▶ What the task asks
Give the data again word for word; drop the pictures.

Image-backed grounding data:

──────

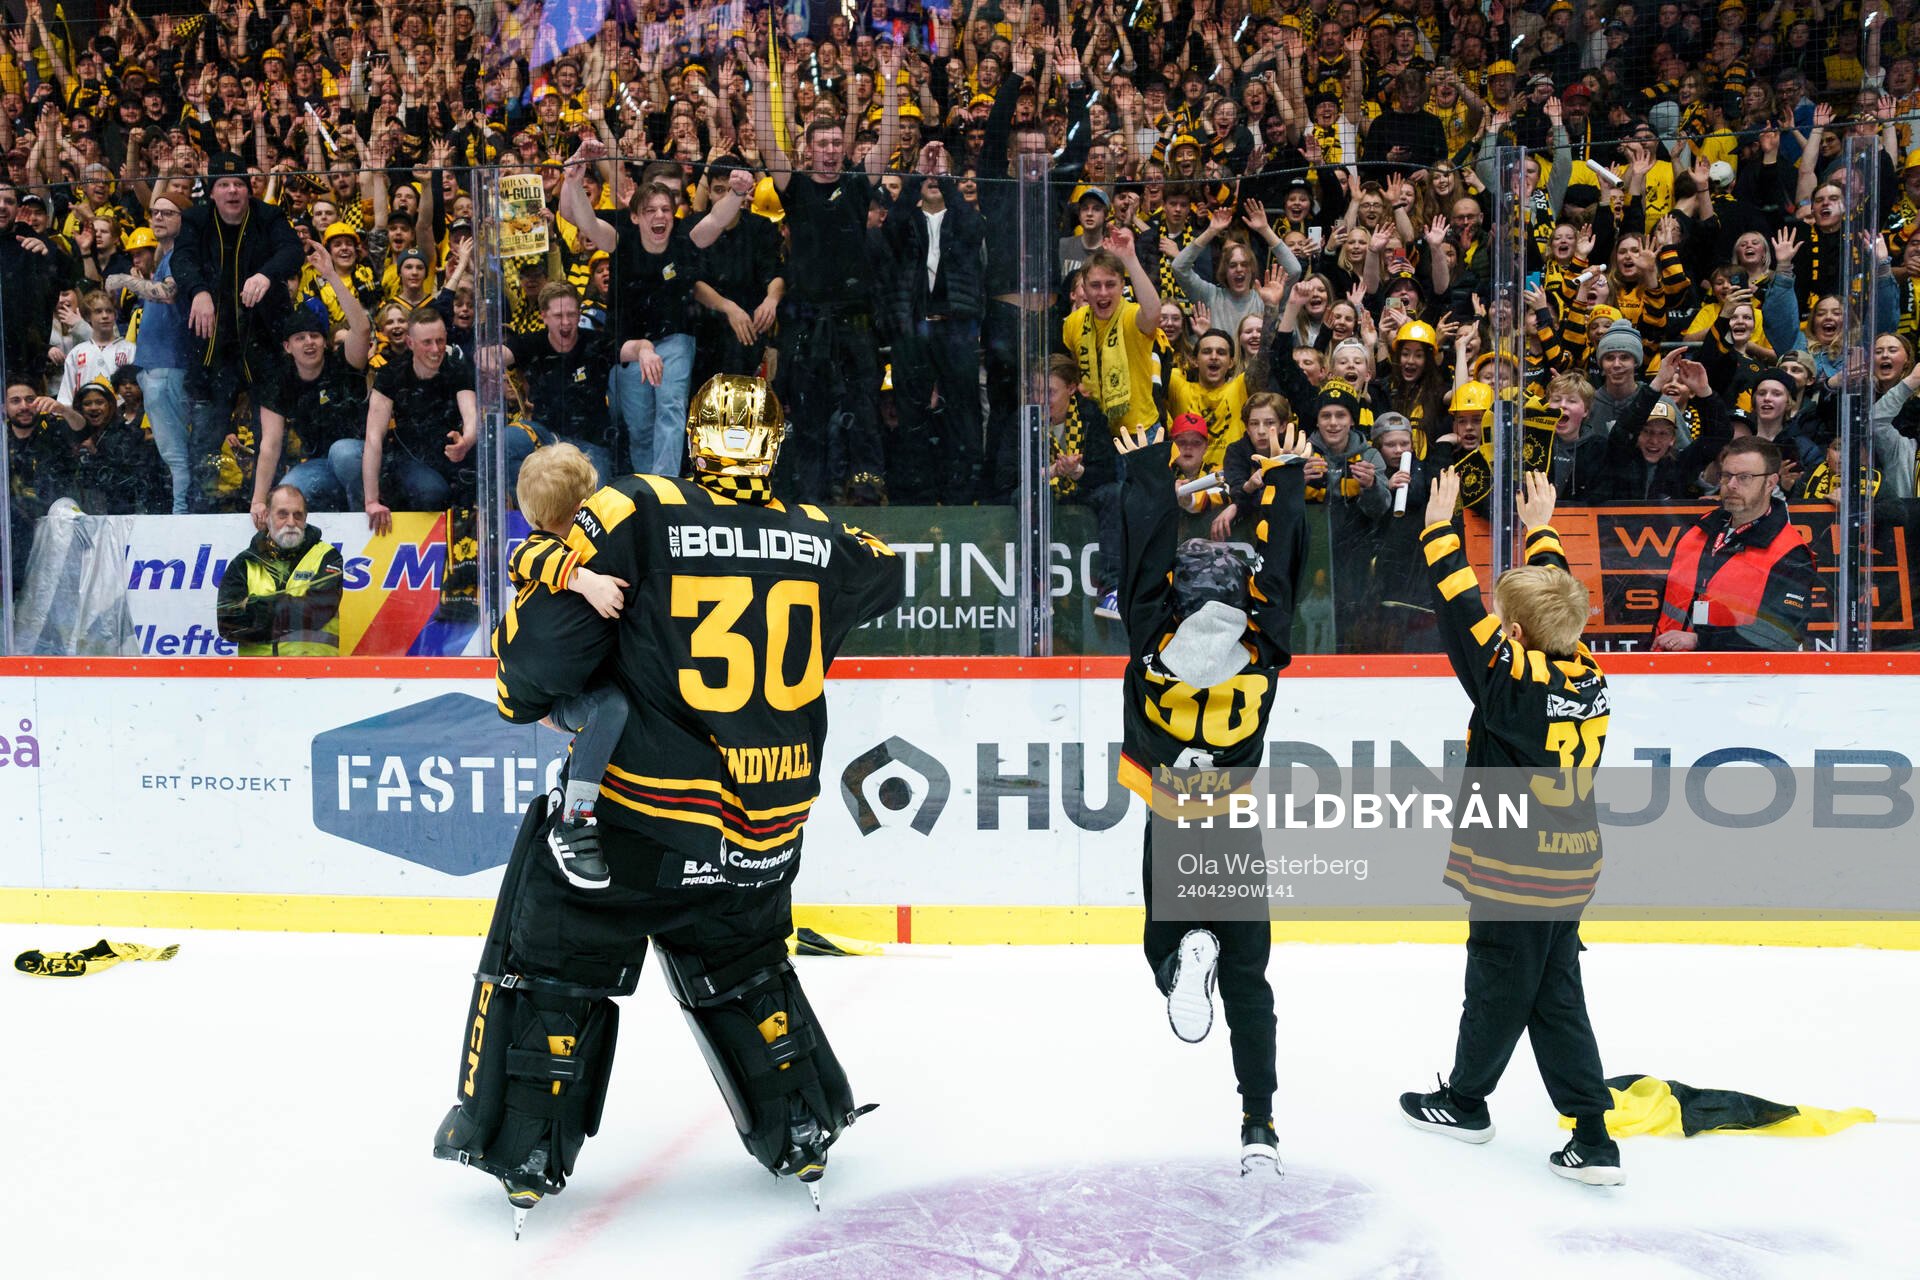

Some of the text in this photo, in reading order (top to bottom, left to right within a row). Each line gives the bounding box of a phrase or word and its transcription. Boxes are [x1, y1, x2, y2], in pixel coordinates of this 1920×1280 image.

[500, 186, 541, 200] M-GULD
[668, 525, 681, 558] NEW
[681, 525, 832, 569] BOLIDEN
[897, 605, 1016, 629] HOLMEN
[670, 575, 825, 713] 30
[719, 743, 812, 785] NDVALL
[1160, 763, 1232, 794] PAPPA
[142, 775, 291, 792] ERT PROJEKT
[1596, 746, 1915, 829] JOB
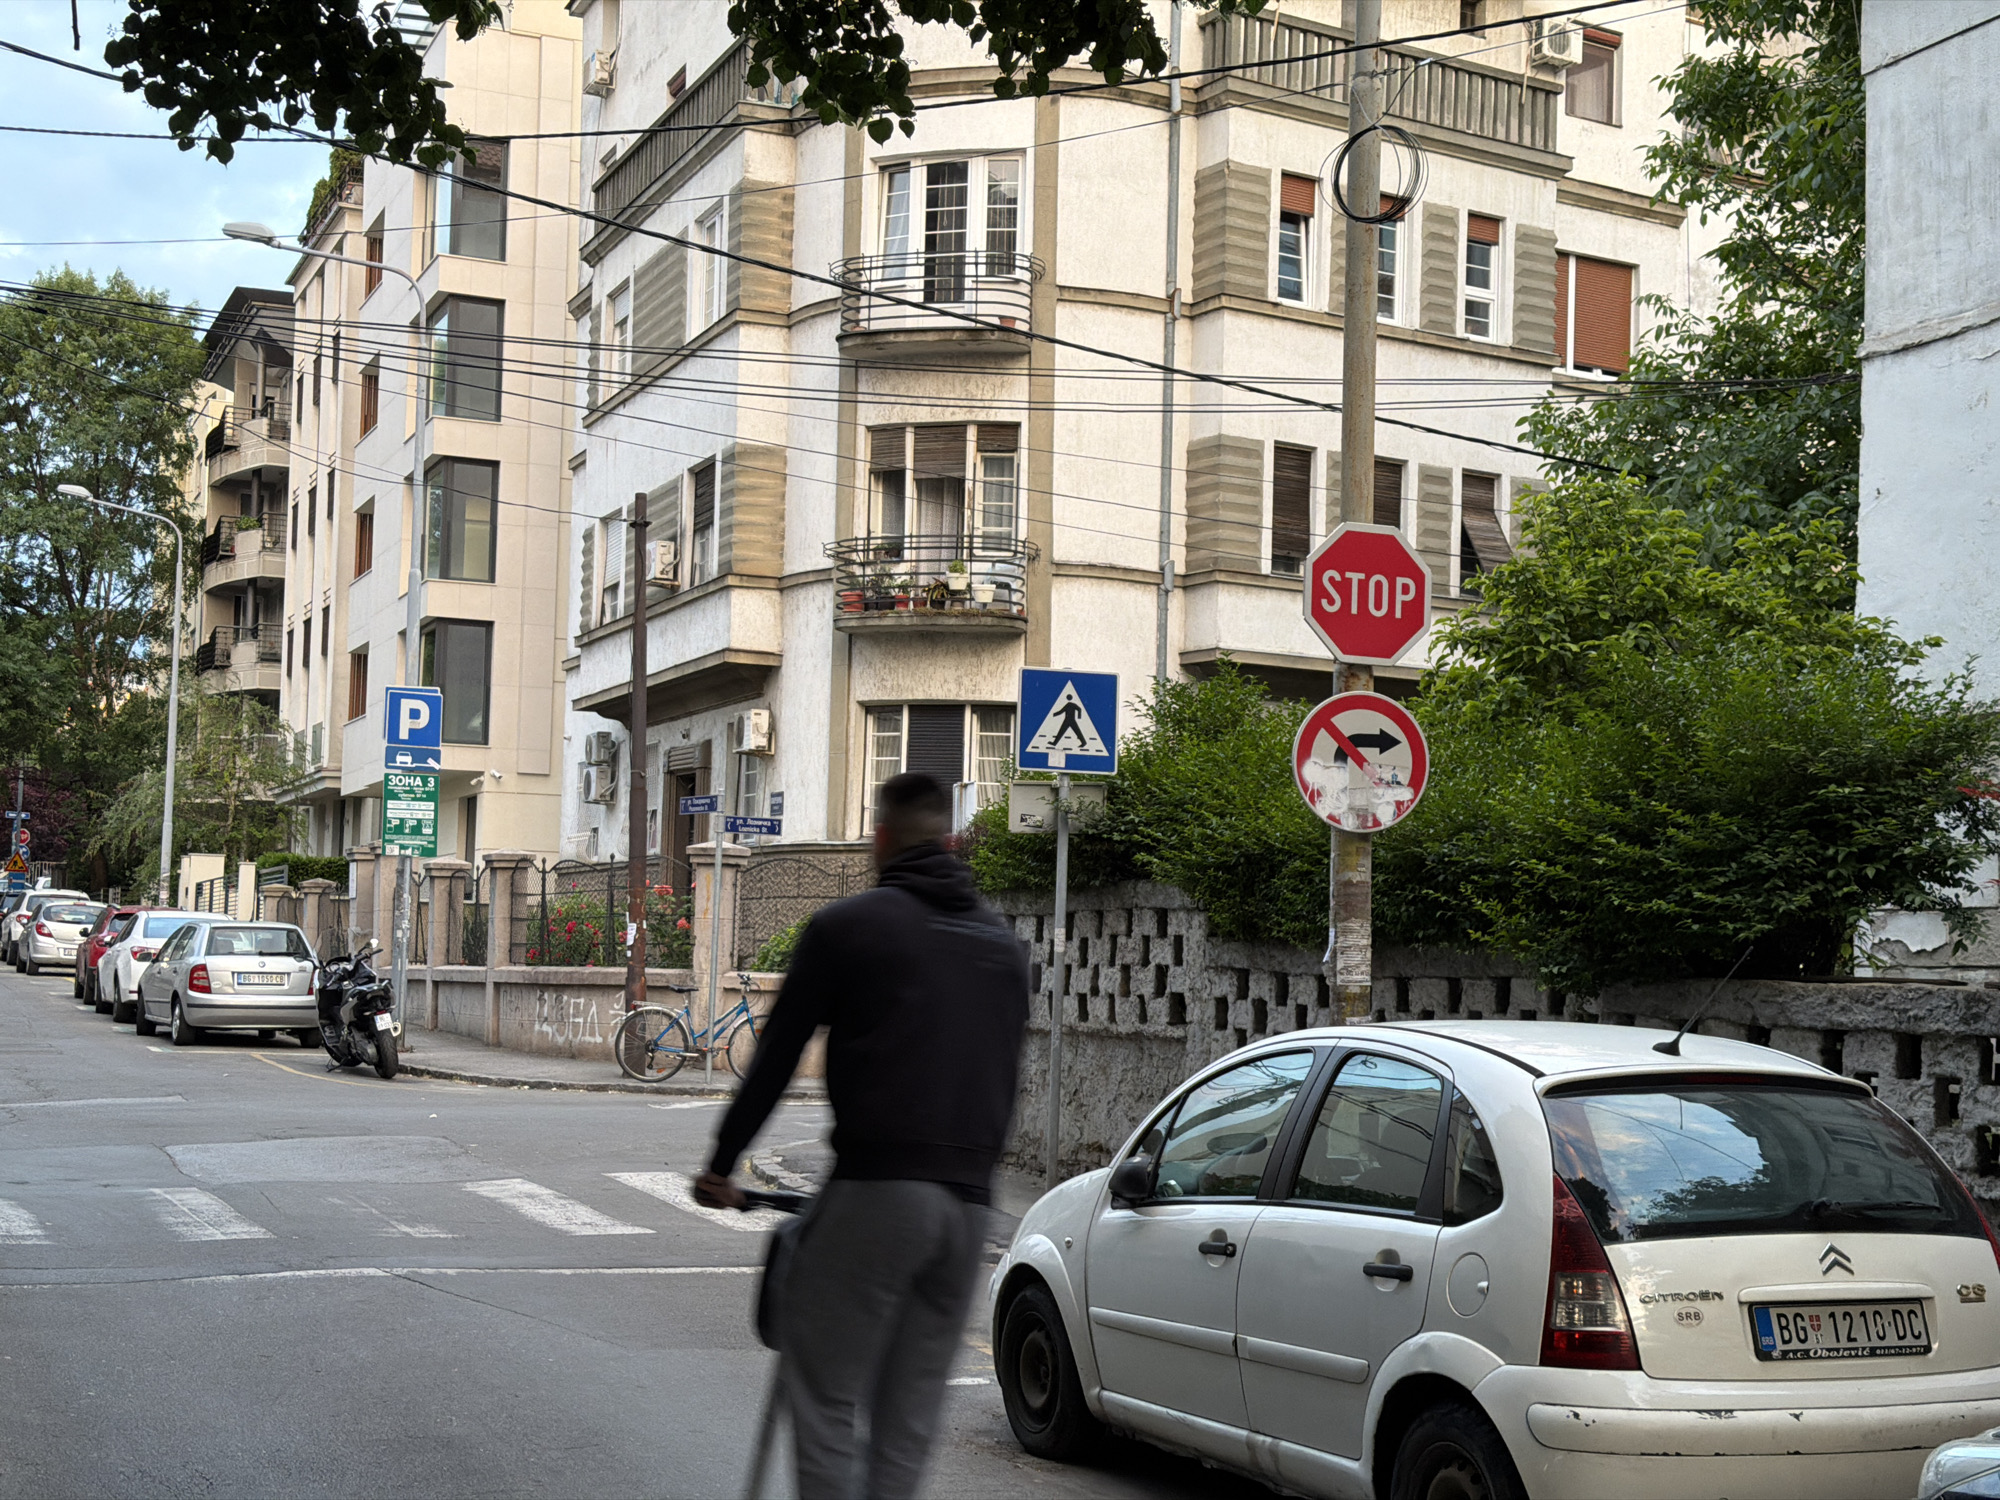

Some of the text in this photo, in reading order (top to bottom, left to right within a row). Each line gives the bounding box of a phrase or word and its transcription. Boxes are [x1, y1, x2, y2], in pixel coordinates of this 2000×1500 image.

──────

▶ Solution for this exercise
Some of the text in this photo, in reading order (top to bottom, left to right within a row). Each line gives the bounding box of a phrase or word and its transcription. Boxes are [x1, y1, x2, y2], in pixel coordinates of this 1920×1280 image.

[500, 186, 541, 200] M-GULD
[668, 525, 681, 558] NEW
[681, 525, 832, 569] BOLIDEN
[897, 605, 1016, 629] HOLMEN
[670, 575, 825, 713] 30
[719, 743, 812, 785] NDVALL
[1160, 763, 1232, 794] PAPPA
[142, 775, 291, 792] ERT PROJEKT
[1596, 746, 1915, 829] JOB

Some of the text in this photo, in reading order (top to bottom, left to right within a row). Each line gives the bounding box of a phrase or word and its transcription. Boxes are [x1, y1, x2, y2], in pixel coordinates of this 2000×1500 image.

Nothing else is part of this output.